Print this page
Monday, 17 September 2018 17:59

In Search of Georgia’s Ghosts Featured

Written by

You can sit around a campfire and tell ghost stories for Halloween. Or you can get that creepy, crawling, cold feeling up and down your spine that comes from visiting some places in Georgia that many say are truly haunted.

So, in the spirit(s) of Halloween, we’ve gathered the details on a few ghost tours that you can experience in Georgia. Included are links to driving directions. Wherever you go ghost hunting, take a sweater. The experienced say the temperature drops when ghosts are near.

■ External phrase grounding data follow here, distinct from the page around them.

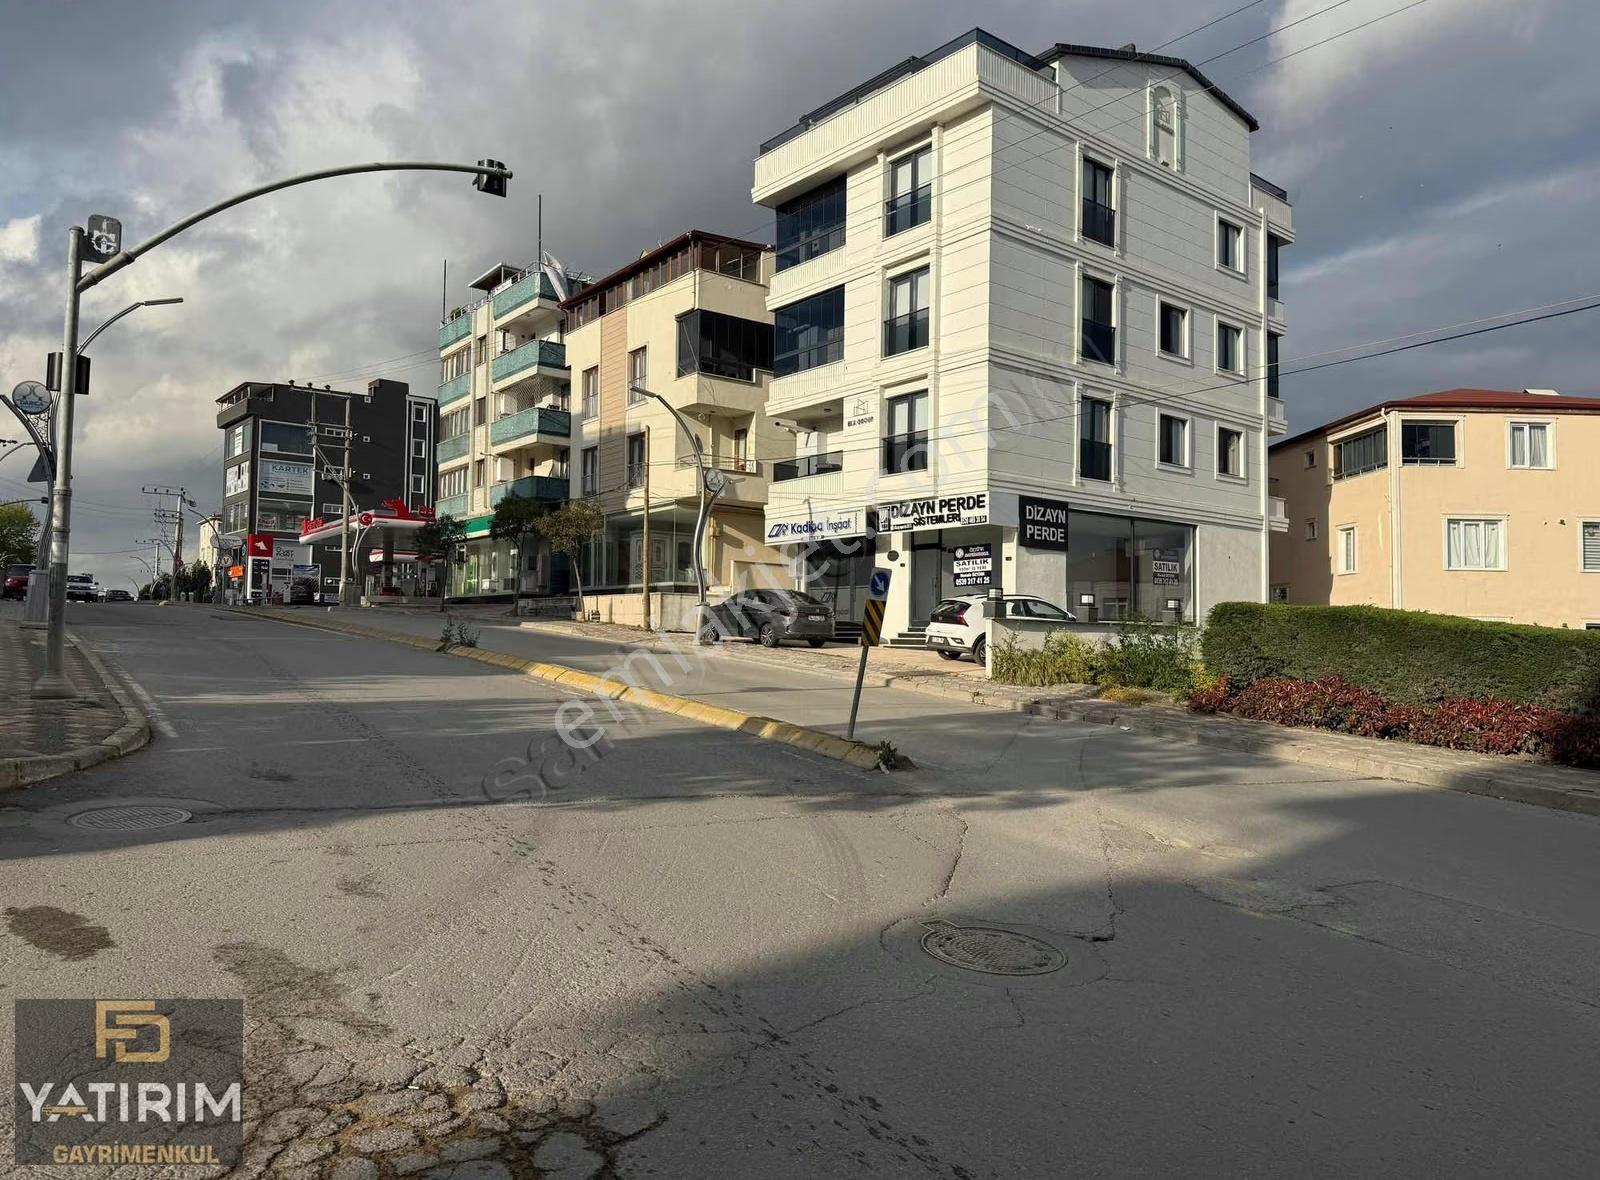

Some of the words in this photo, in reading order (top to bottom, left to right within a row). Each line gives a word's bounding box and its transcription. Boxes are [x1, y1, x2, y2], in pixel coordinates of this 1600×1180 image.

[891, 499, 936, 519] DİZAYN
[938, 493, 986, 514] PERDE
[1025, 504, 1066, 524] DİZAYN
[1026, 524, 1065, 543] PERDE
[955, 559, 989, 568] SATILIK
[1154, 562, 1178, 572] SATILIK

Andersonville National Historical Site

Not far from Americus is Andersonville National Historical Site, which honors the victims of the Confederate prisoner-of-war camp there. Park rangers lead respectful tours of the site, which also houses the National Prisoner of War Museum.  Treatment of prisoners by both the Union and Confederacy was abysmal, but Andersonville was, by all accounts, a death camp. Many visitors say they can hear the cries of agony from some of the 13,000 Union soldiers who died at the prison, infamous for its lack of sanitation and food.

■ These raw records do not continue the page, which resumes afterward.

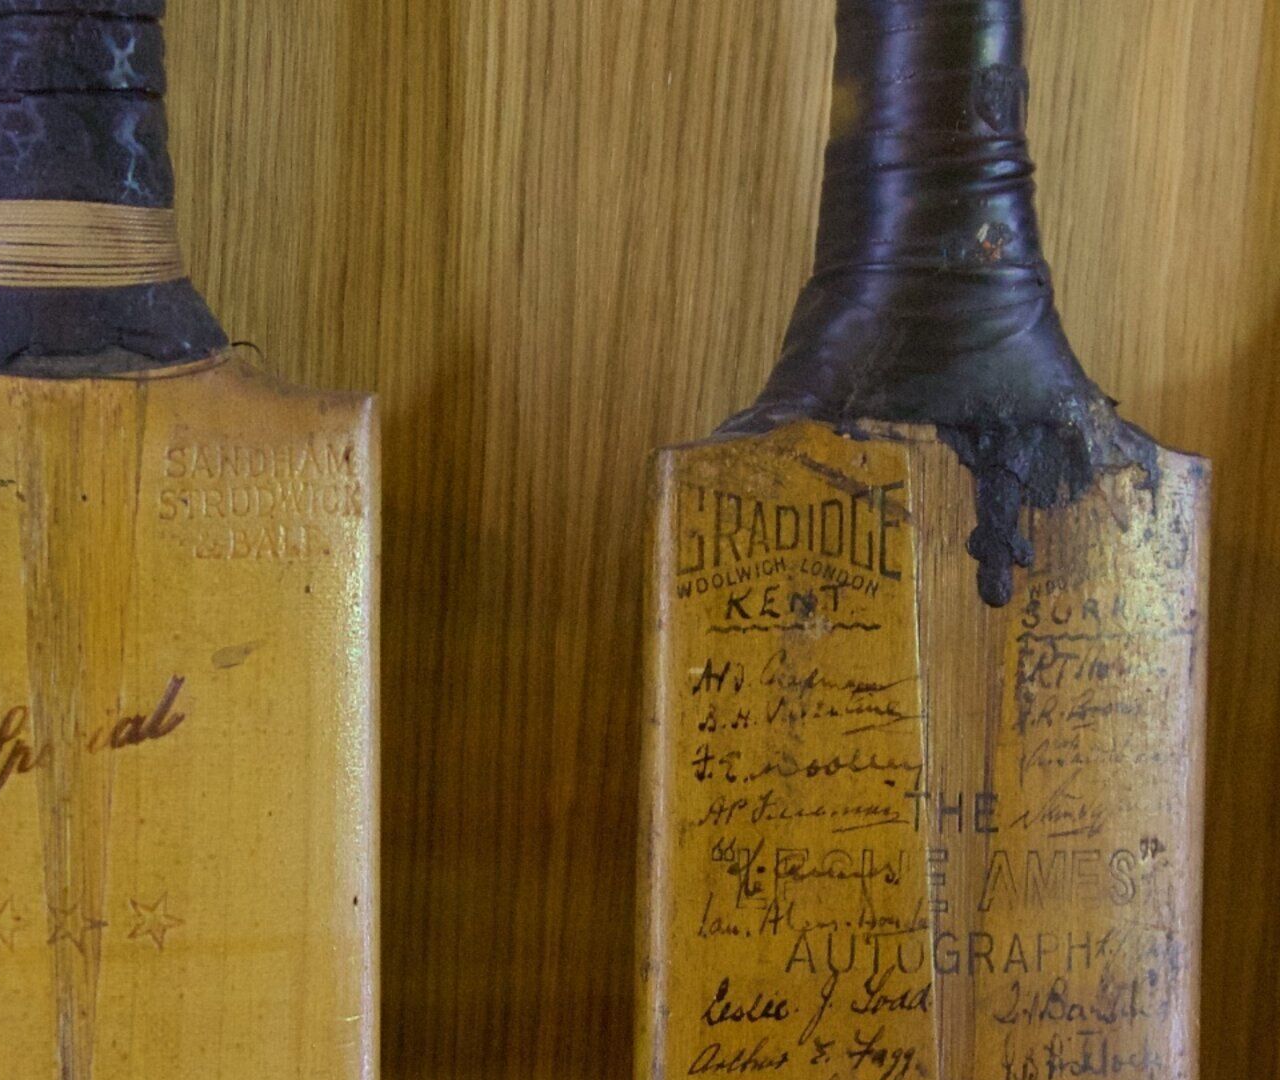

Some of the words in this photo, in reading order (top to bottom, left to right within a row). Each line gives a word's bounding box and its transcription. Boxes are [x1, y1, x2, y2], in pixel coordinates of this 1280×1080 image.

[165, 442, 357, 481] SANDHAM
[158, 481, 363, 523] STRUDWICK
[675, 480, 904, 582] GRADIDGE
[676, 557, 787, 600] WOOLWICH
[800, 558, 879, 598] LONDON
[1020, 597, 1176, 629] SURRY
[904, 790, 1000, 834] THE
[784, 929, 1094, 977] AUTOGRAPH

The superintendent of the prison, Capt. Henry Wirz, was hanged after the Civil War for war crimes. The hanging failed to break his neck, so his body twitched at the end of a rope until he suffocated. His ghost reportedly has been spotted roaming the grounds.

Andersonville National Historical Site
National Prisoner of War Museum
496 Cemetery Road
Andersonville, GA 31711
Phone: 229-924-0343
Cost: Free
Reservations: Not required except for groups of 15 or more
Directions: Andersonville is about a 4-hour drive from Crossing Creeks, just less than 2 hours south of Atlanta.

Decatur Ghost Tour

Starting at the Decatur Town Square, tour guide “Boo” Newell leads visitors to buildings and cemeteries that people say are haunted. She delves not just into places where paranormal events have been reported, or where she’s experienced them, but also into the city’s history. The walk is about a mile long, so it’s the right length for kids as well as adults, but it takes two hours. What does she talk about? Murder, passion, vice, war and tragedy, she writes on her website. Plan to shoot photos—many people say orbs indicating paranormal activity show up in theirs.

Decatur Ghost Tour
Address: 101 E. Court Square, Decatur, GA 30030
Phone: 864-517-0688
Hours: 7:30-9:30 p.m., Friday and Saturday  year-round
Cost: $15, age 10 and older; $12, age 9 and younger
Reservations: online
Directions: Decatur Ghost Tour is just over 2 hours’ drive south of Crossing Creeks.

Roswell Ghost Tour

Here’s a chance to hunt for the supernatural and help to preserve Roswell’s historic features. A portion of every admission fee goes toward preservation projects.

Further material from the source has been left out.